The amount shall be calculated pursuant to the parties having been married and living together as Husband and Wife for 143 months while the Husband was on active duty. Thus DFAS[1] shall calculate the percentage using the following formula: (143/AD) x 0.5 where ‘AD’ is defined as the actual number of months of creditable active duty time accrued by the Husband as of the date of his retirement.

[. . .]

The Wife’s percentage share of the Husband’s disposable retirement pay shall be calculated at the salary and rank attributable to the Husband’s rank of E-7 at 18 years, which is the rank and years that the Husband had attained at the time of the filing of the petition for dissolution.

Approximately five years after the parties’ divorce, the former husband retired. The former wife sought to enforce the marital settlement agreement by submitting the order to the military for processing, but it was rejected three different times for lack of sufficient information. The former wife then filed a petition with the court to clarify her share of the retirement account. The parties agreed at trial that the agreement was unambiguous. An expert testified on the former husband’s behalf as to the correct calculation based on military regulations and the language in the parties’ agreement.

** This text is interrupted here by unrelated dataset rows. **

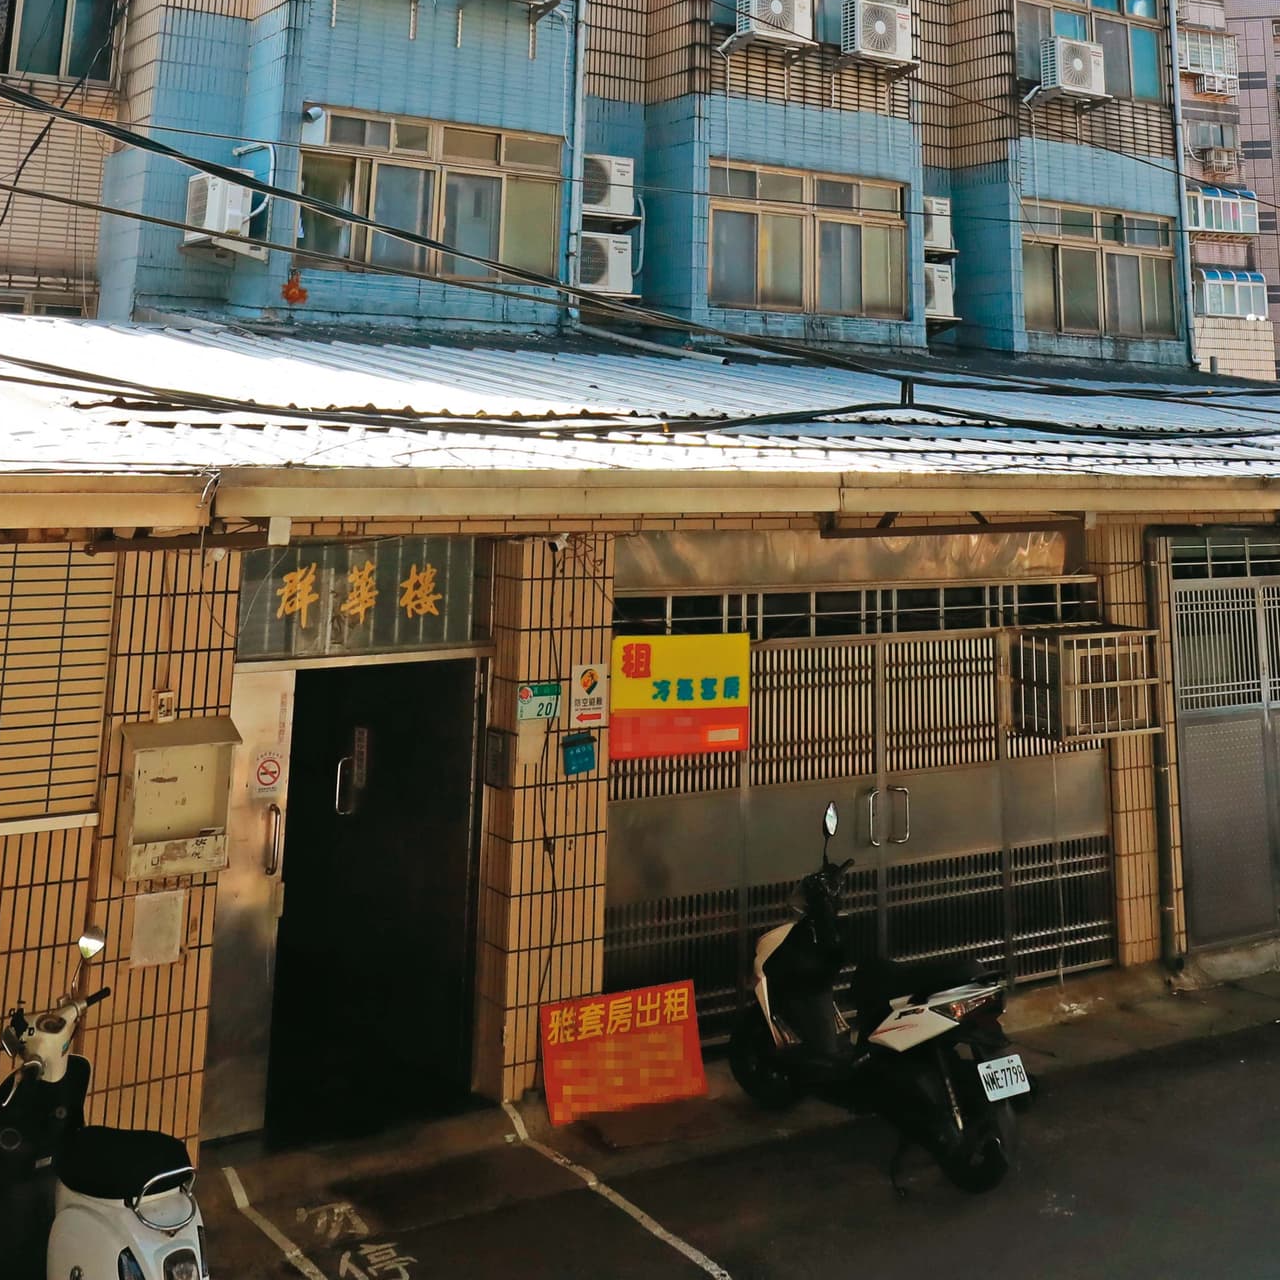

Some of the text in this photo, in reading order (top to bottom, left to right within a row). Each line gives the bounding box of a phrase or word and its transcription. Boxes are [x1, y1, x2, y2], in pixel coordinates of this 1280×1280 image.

[276, 560, 442, 629] 群華樓
[622, 643, 652, 679] 租
[537, 702, 552, 717] 20
[547, 987, 690, 1046] 雅套房出租
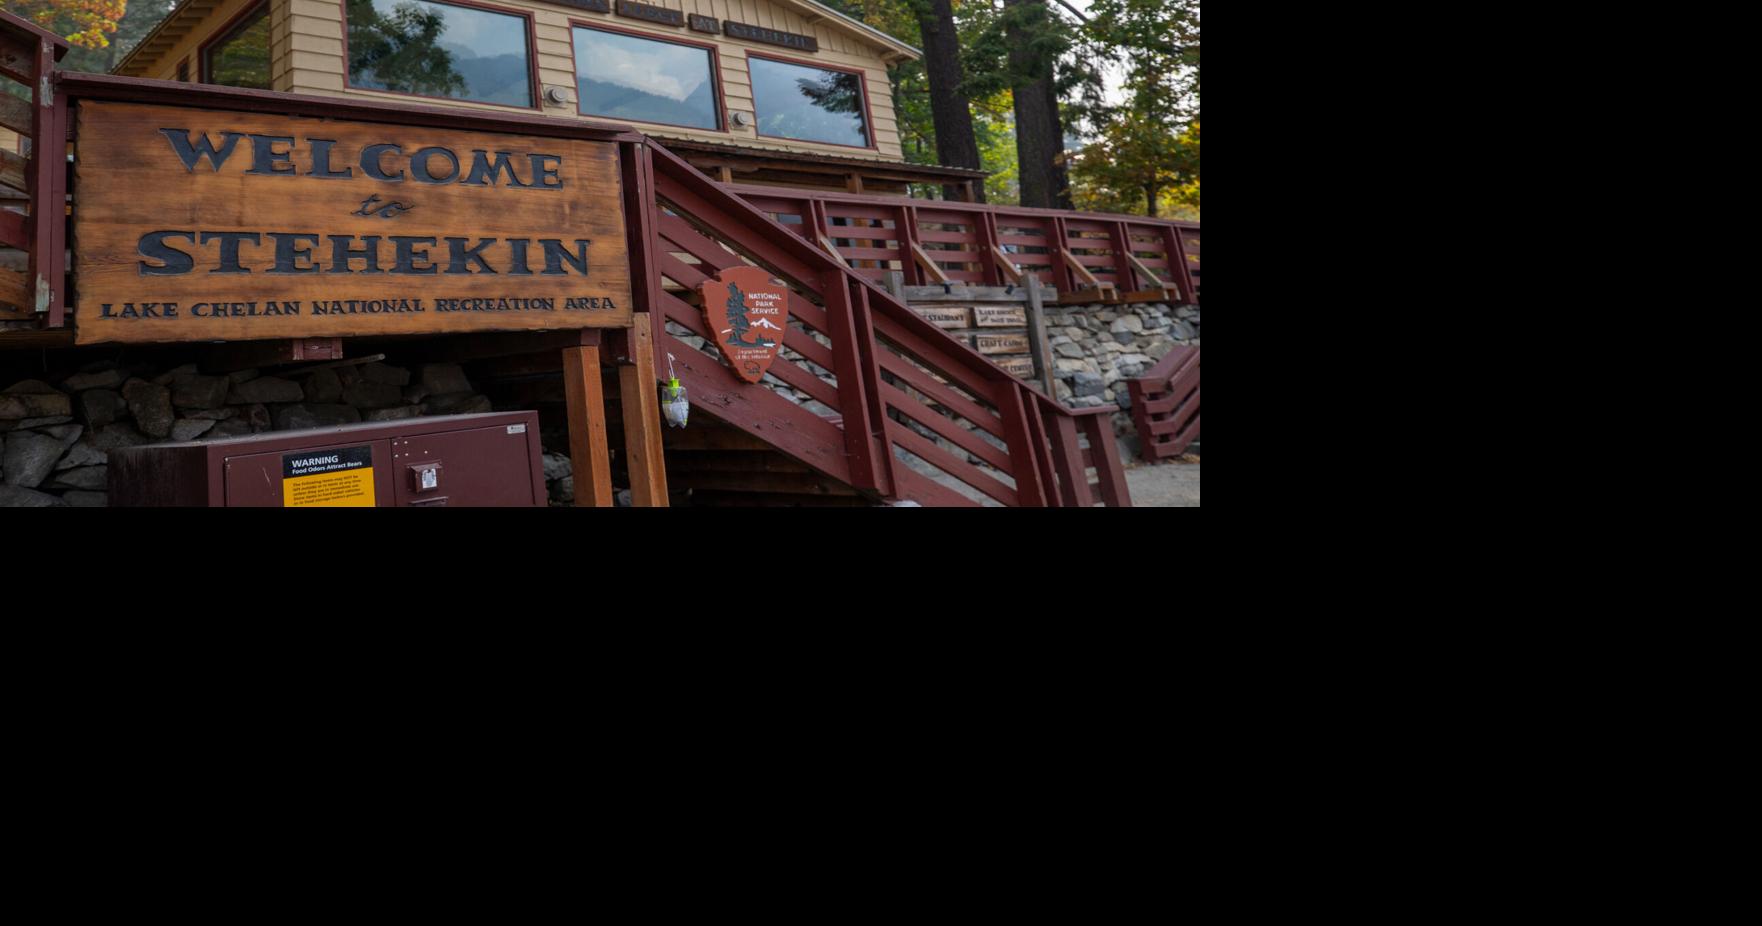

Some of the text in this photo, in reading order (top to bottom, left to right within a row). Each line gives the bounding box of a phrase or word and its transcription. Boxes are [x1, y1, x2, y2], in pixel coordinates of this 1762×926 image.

[158, 127, 564, 190] WELCOME
[350, 193, 414, 219] to
[136, 230, 592, 276] STEHEKIN
[101, 296, 616, 318] LAKE CHELAN NATIONAL RECREATION AREA
[748, 292, 782, 300] NATIONAL
[292, 455, 339, 468] WARNING
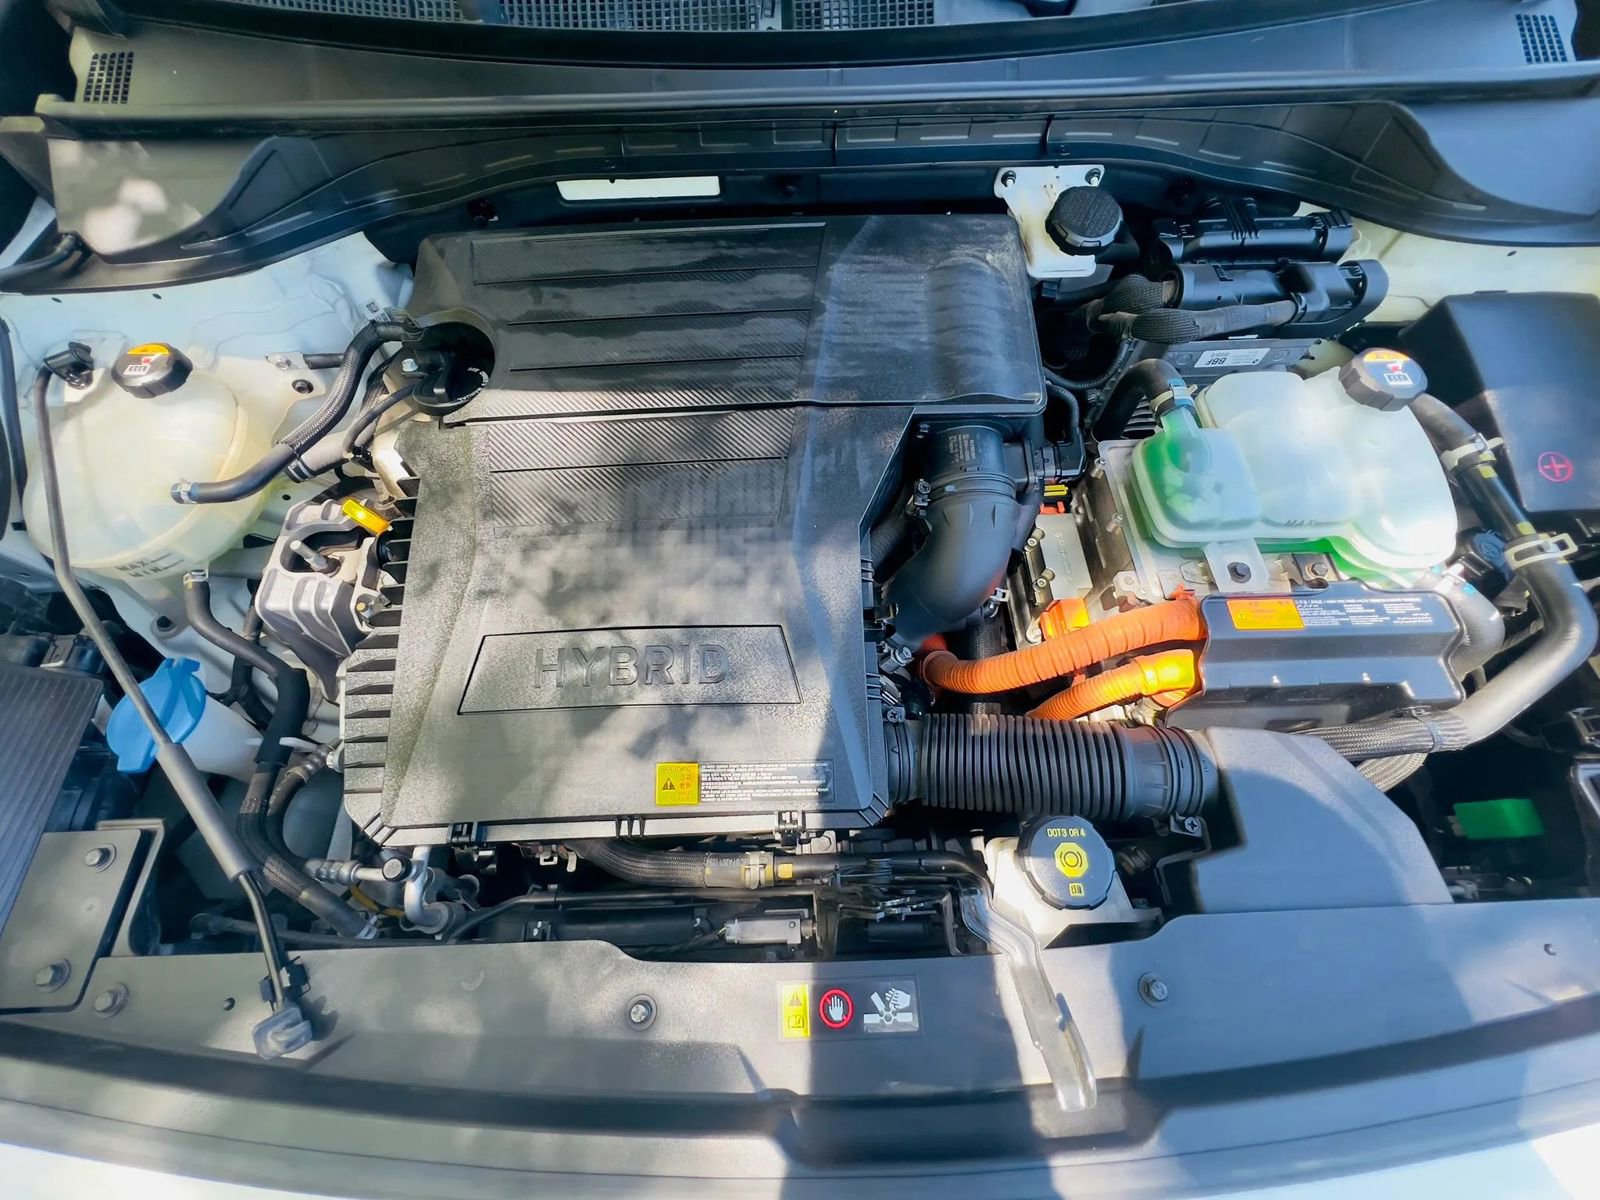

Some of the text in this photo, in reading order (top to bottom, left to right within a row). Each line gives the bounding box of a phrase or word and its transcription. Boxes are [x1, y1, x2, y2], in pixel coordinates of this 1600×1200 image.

According to the appellate opinion, the expert “offered testimony that the Department of Defense had promulgated a regulation that instructed how to divide and distribute military pensions. The regulation defined ‘retired pay base,’ a term contemplated in the agreement’s reservation of jurisdiction provision, as ‘the average of the member’s highest 36 months of basic pay at retirement (high-3 amount)’ for members who entered military service after 1980. This was meant to disincentivize immediate retirement when a service member achieved a final promotion.” The trial court ultimately found that the language of the agreement was ambiguous and awarded the former wife nearly 25 percent of the former husband’s military pension which he acquired over a 24-year career, resulting in the former wife being awarded higher monthly pension payment because it was based on Former Husband’s most lucrative three years of service that occurred after the parties’ divorce. The former husband appealed.

The appellate court reversed, noting “The agreement is unambiguous. It does not just compel the Formula’s application. It also requires the trial court to calculate Former Wife’s share of Former Husband’s pension ‘based upon’ his rank, years of service, and retired pay base as if he had retired when the parties divorced. Former Wife’s interpretation of the agreement erases this critical language. But we must review the agreement as a whole and according to its plain language. [. . .] The agreement’s failure to include the term ‘High-3’ does not doom its only reasonable interpretation because the trial court needed this information to calculate Former Husband’s ‘retired pay base.’ This term has a definite legal meaning, which we presume the parties intended in the absence of any contrary intention in their agreement. [. . .] Nor did the agreement need to use the term ‘hypothetical’ expressly when its plain language contemplated an imaginary retirement. Finally, the expert’s undisputed testimony did not make an agreement containing terms related to military retirement ambiguous, and thus dependent on parol evidence; a trial court can receive extrinsic evidence to explain technical terminology in an unambiguous contract.”

The court concluded “On remand, the trial court shall vacate that portion of the supplemental final judgment, including its improper military retired pay division order. Its amended supplemental final judgment shall include a military retired pay division order containing: 1) the 24.83% contemplated by the Formula; 2) the hypothetical retirement date (April 11, 2013); 3) Former Husband’s rank when the parties divorced (E-7); 4) Former Husband’s years of service when the parties divorced (eighteen); and 5) Former Husband’s retired pay base ($3,822.51) when the parties divorced.”